This example illustrates simple database replication in support of data shares and is not a full treatise on failover and failback, which falls beyond the scope of this book. Also, note there are cost implications to replicating data across accounts, CSPs, and regions.
We need two (or more) accounts enabled for replication. Your organization may prefer each account to be enabled individually, in which case a Snowflake support ticket should be raised. Response times are usually very short. Otherwise, Snowflake support can assign accounts the ORGADMIN role, as documented at https://docs.snowflake.com/en/user-guide/organizations-manage-accounts.html#enabling-accounts-for-replication .
You should see <your_database> in the list of available databases for import.
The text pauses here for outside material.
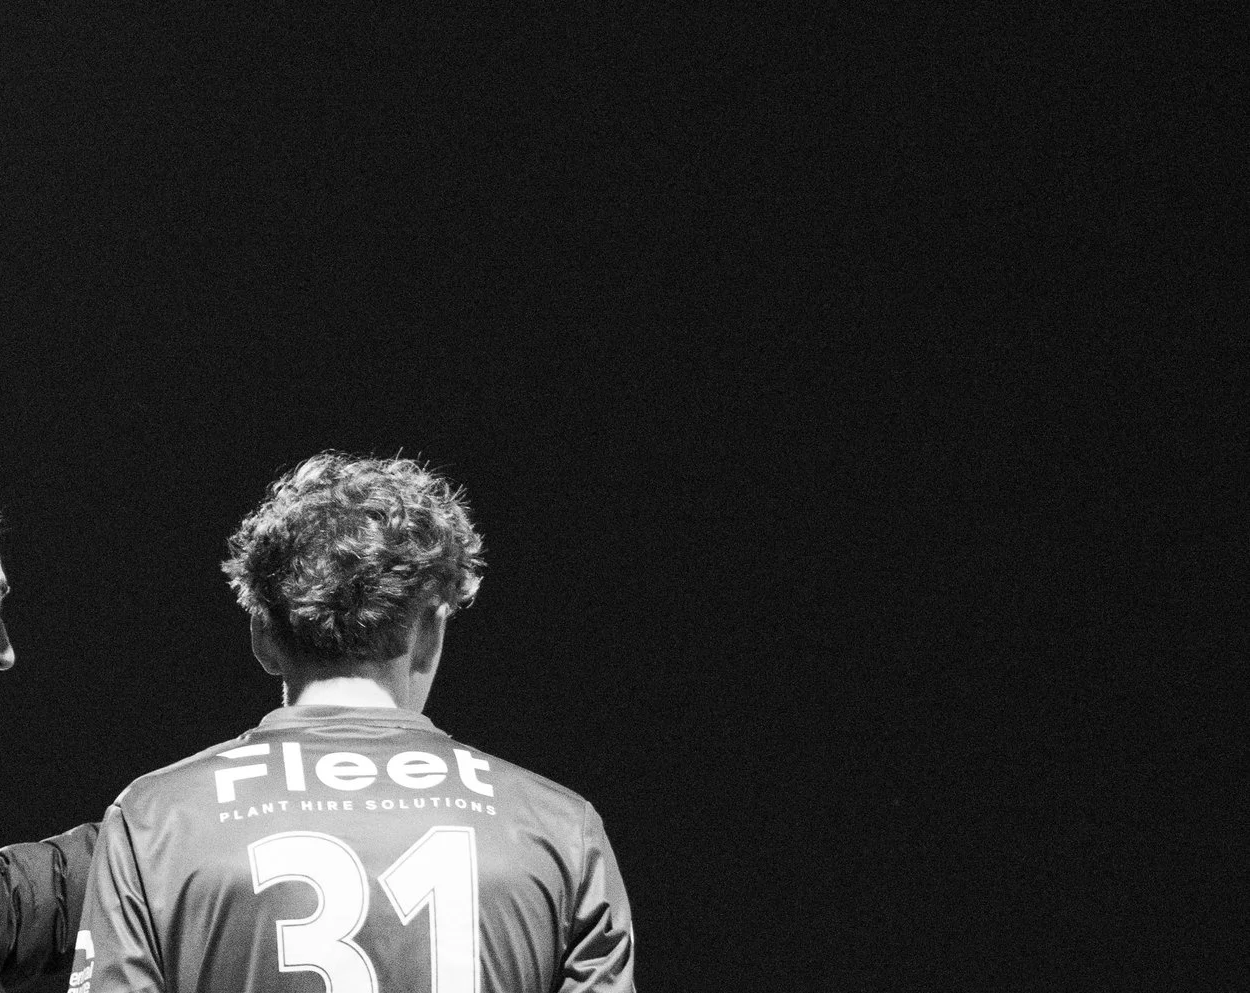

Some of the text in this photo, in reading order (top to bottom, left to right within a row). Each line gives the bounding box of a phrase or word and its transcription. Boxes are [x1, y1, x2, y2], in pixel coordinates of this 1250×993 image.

Note that is_primary is “true”.
And refreshing the left-hand pane of our browser where our new database is listed.
With our database replicated, we have two remaining tasks: create and apply a security model and then share desired objects, which I leave you to complete.
Data Exchange
Now that we understand data sharing, let’s investigate Data Exchange, the internal nexus for colleagues, partners, and customers to collaborate, where our citizen scientists discover and self-serve available data sets. Please refer to the Snowflake documentation at https://docs.snowflake.com/en/user-guide/data-exchange.html#data-exchange .
Utilizing Snowflake’s built-in capabilities, Data Exchange is its internal place where data is published to consumers—the people and organizations in and outside the publishing organization boundary.
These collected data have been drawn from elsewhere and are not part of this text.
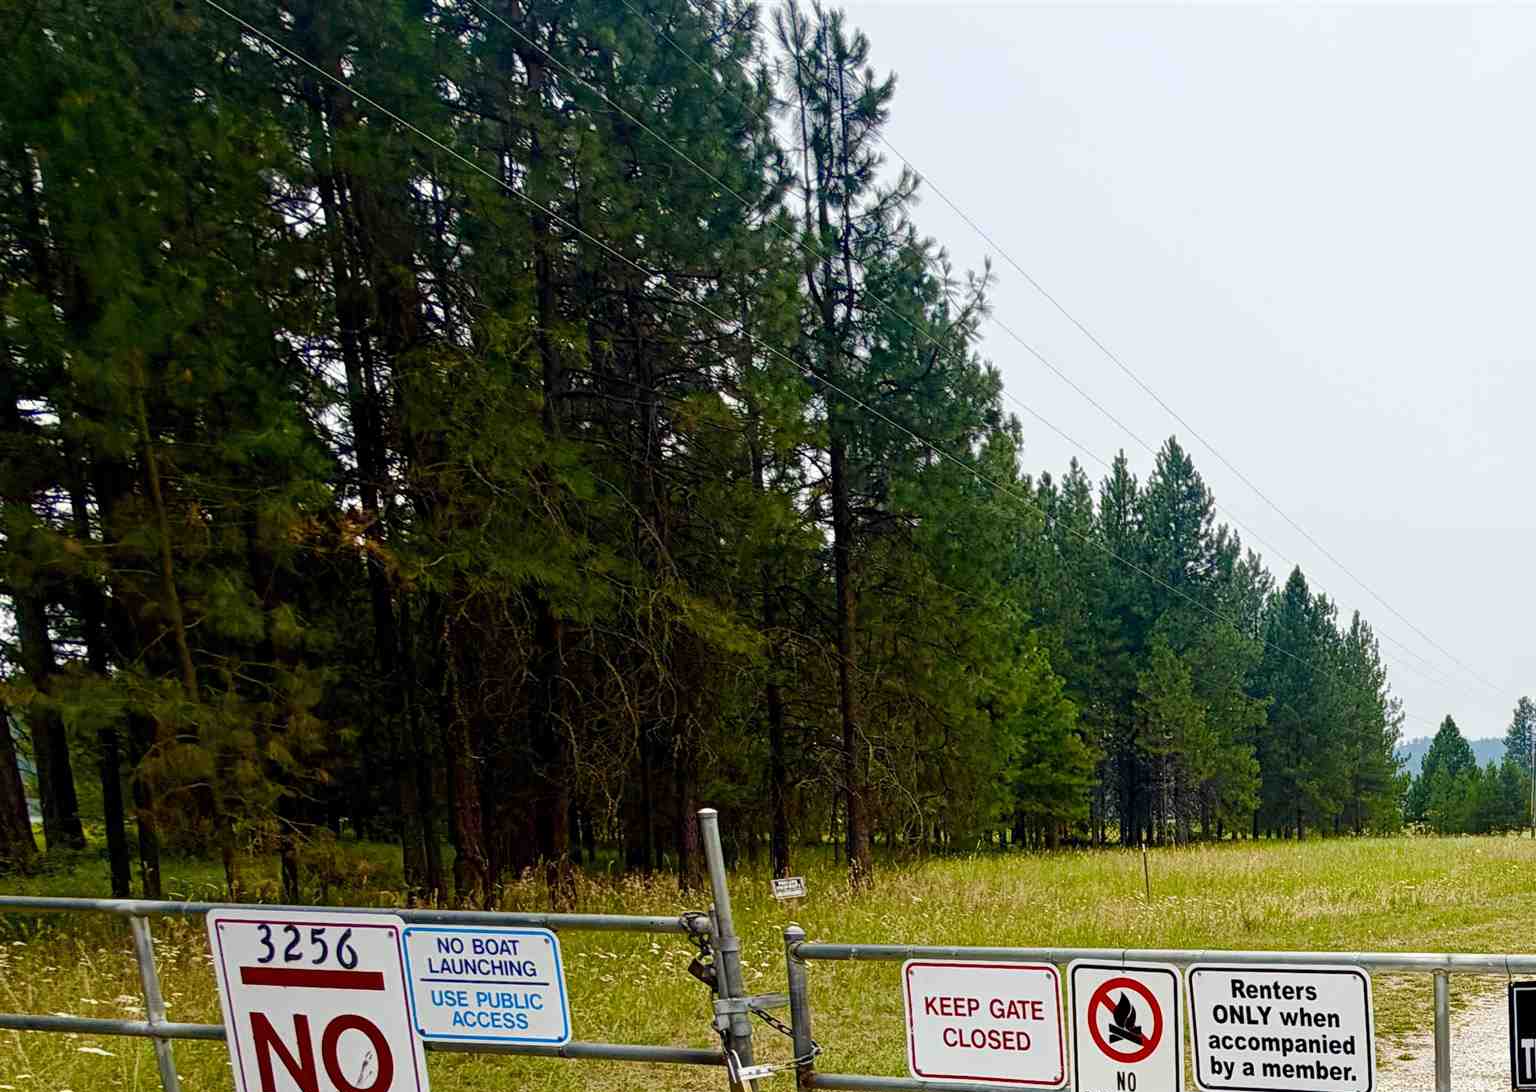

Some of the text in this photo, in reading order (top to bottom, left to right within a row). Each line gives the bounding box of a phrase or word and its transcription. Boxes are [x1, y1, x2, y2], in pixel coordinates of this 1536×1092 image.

[257, 923, 359, 970] 3256
[437, 937, 519, 956] NO BOAT
[428, 958, 537, 977] LAUNCHING
[431, 990, 544, 1010] USE PUBLIC
[1231, 979, 1317, 1001] Renters
[924, 996, 1044, 1021] KEEP GATE
[1213, 1004, 1340, 1028] ONLY when
[452, 1011, 529, 1029] ACCESS
[943, 1028, 1031, 1051] CLOSED
[1208, 1033, 1356, 1062] accompanied
[1211, 1055, 1357, 1083] by a member.
[1116, 1071, 1137, 1091] NO
Data Exchange is limited to 20 accounts for each listing across all CSPs and regions. Consideration must be given to creating a data share topology that does not replicate data silos but meets business needs and facilitates the delivery of successful business outcomes. Throughout this section, there is repeated reference to working with our business colleagues when developing our data exchanges. Only through collaboration will organizations benefit from the power and flexibility that Data Exchange offers. But equally, if done badly, it results in frustration and disillusionment with Data Exchange as a capability.
Request Data Exchange
Business case, team, and/or participants in the Data Exchange: An example might be, “We are developing content for distribution throughout our organization and wish to run a proof-of-concept using Data Exchange.”
Data Exchange name (without spaces): XYZ_CORP_DX
Public Data Exchange name: XYZ Corporation Data Exchange
Your administrative account URL: for example, https://<account>.eu-west-2.aws.snowflakecomputing.com
Your account locator: Run SELECT current_account();
Enabling Data Exchange can take 48 hours.
Snowsight
This section moves from the classic console to use Snowsight , the future-state Snowflake console, because there is no approved command-line approach to implementing Data Exchange features.
If using AWS PrivateLink or Azure Private Link, you may need to create a CNAME record as described in the documentation at https://other-docs.snowflake.com/en/marketplace/intro.html#introduction-to-the-snowflake-data-marketplace .
A new browser window and login dialog appear alongside our existing classic console. Log in, accept the prompt to import tabs, and take a moment to familiarize yourself with the new look and feel.
Accessing Data Exchange
I leave the investigation of data from direct shares for your investigation and focus on XYZ Corporation Data Exchange, our fictional data exchange ready for configuration.
To administer the private exchange, use the ACCOUNTADMIN role.
We may have multiple data exchanges for our organization, which appear alongside our initial data exchange, as shown in Figure 14-12.
Tony Robbins said, “Complexity is the enemy of execution.” I strongly recommend a simple approach to data exchange is adopted by provisioning the minimal number of data exchanges necessary to meet business objectives while retaining meaningful data isolation boundaries.
Managing Data Exchange
In contrast to data share, accounts may be in any region or CSP. Beware of egress charges, however.
All Data Exchange members may publish and consume the data sets of other members, but only the owner account can administer members.
Selecting an existing data exchange member enables their role to be changed, or clicking the three-dotted box allows removal from the data exchange.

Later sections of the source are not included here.